We found a bell-shaped hemolysis profile in only two works [37,79]. Why was this bell shape for the hemolysis curve only reported in very few works? Why did researchers not reveal it more often? The most reasonable answer might be the following. As it was mentioned above, in most hemolysis experiments, the main goal is to measure the specific concentration at which substantial hemolysis starts, which corresponds to 5–10% [78]. Therefore, the practical interest of the research sets the limitations for experiments, and thus researchers do not study hemolysis in a wide interval of concentrations. In order to observe a bell-shaped curve, it is necessary to conduct studies in a fairly wide range of concentrations. In our work, AgNPs concentrations varied 25,000-fold, from 2 to 50,000 µg/mL; in [37], concentration varied 30-fold, from 100 to 3000 µg/mL, and in [79], 250-fold, from 0.02 to 5 mM (calculated for metallic silver). Our systematic work in a wide concentration interval (4 orders of magnitude), and variation of parameters important for biomedical applications (pH, hemolytic agent, erythrocyte source), allowed us to register the bell-shaped curves repeatedly, reliably confirming bell shape reproducibility.

4. Discussion

4.1. Bell-Shaped Hemolysis Profile

Surprisingly, the curves passing through a well-defined maximum were registered for hemolysis caused by AgNPs at pH 7.4 and 6.8 in both HDE and DDE (Figure 1, blue lines).

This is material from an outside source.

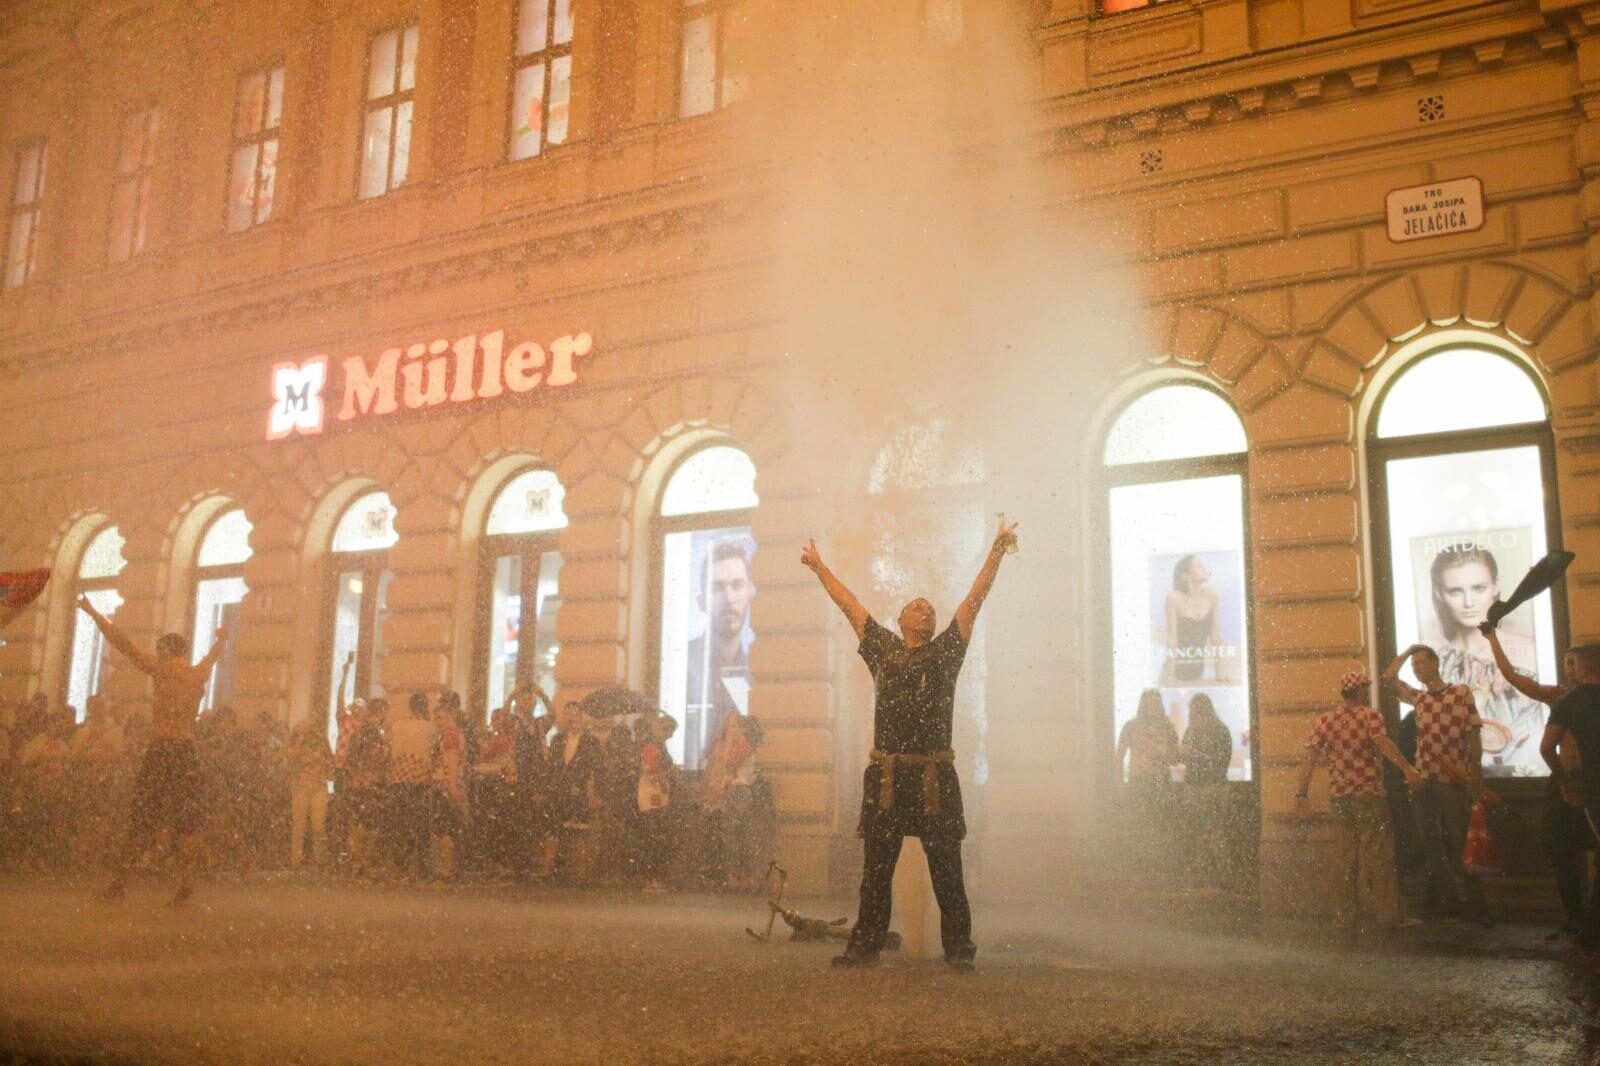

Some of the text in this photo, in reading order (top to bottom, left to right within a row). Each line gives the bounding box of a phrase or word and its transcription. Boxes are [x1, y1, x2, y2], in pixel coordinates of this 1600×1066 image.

The segment of the hemolysis curve where hemolysis increased, for AgNPs and AgNO3, was the same, but at concentrations ≥1 mM, hemolysis of AgNO3 practically remained constant (except for the case of pH 6.8 in HDE) (Figure 1). Consequently, at high concentrations, AgNO3 was slightly more hemolytic than AgNPs.
For pH 5.6, the profile of the hemolysis curves for AgNPs and AgNO3 drastically changed (Figure 1), which certainly indicates a change in the mechanism of hemolysis. For AgNPs, the bell shape changed to a step shape with a subsequent sharp increase, and for AgNO3 it changed to a usual gradual increase. From Figure 1, it is apparent that pH 6.2 represents a transitional state. While for HDE at pH 6.2, the hemolysis curves were like the corresponding curves at pH 7.4 and 6.8, for DDE, they were more like the profiles corresponding to pH 5.6.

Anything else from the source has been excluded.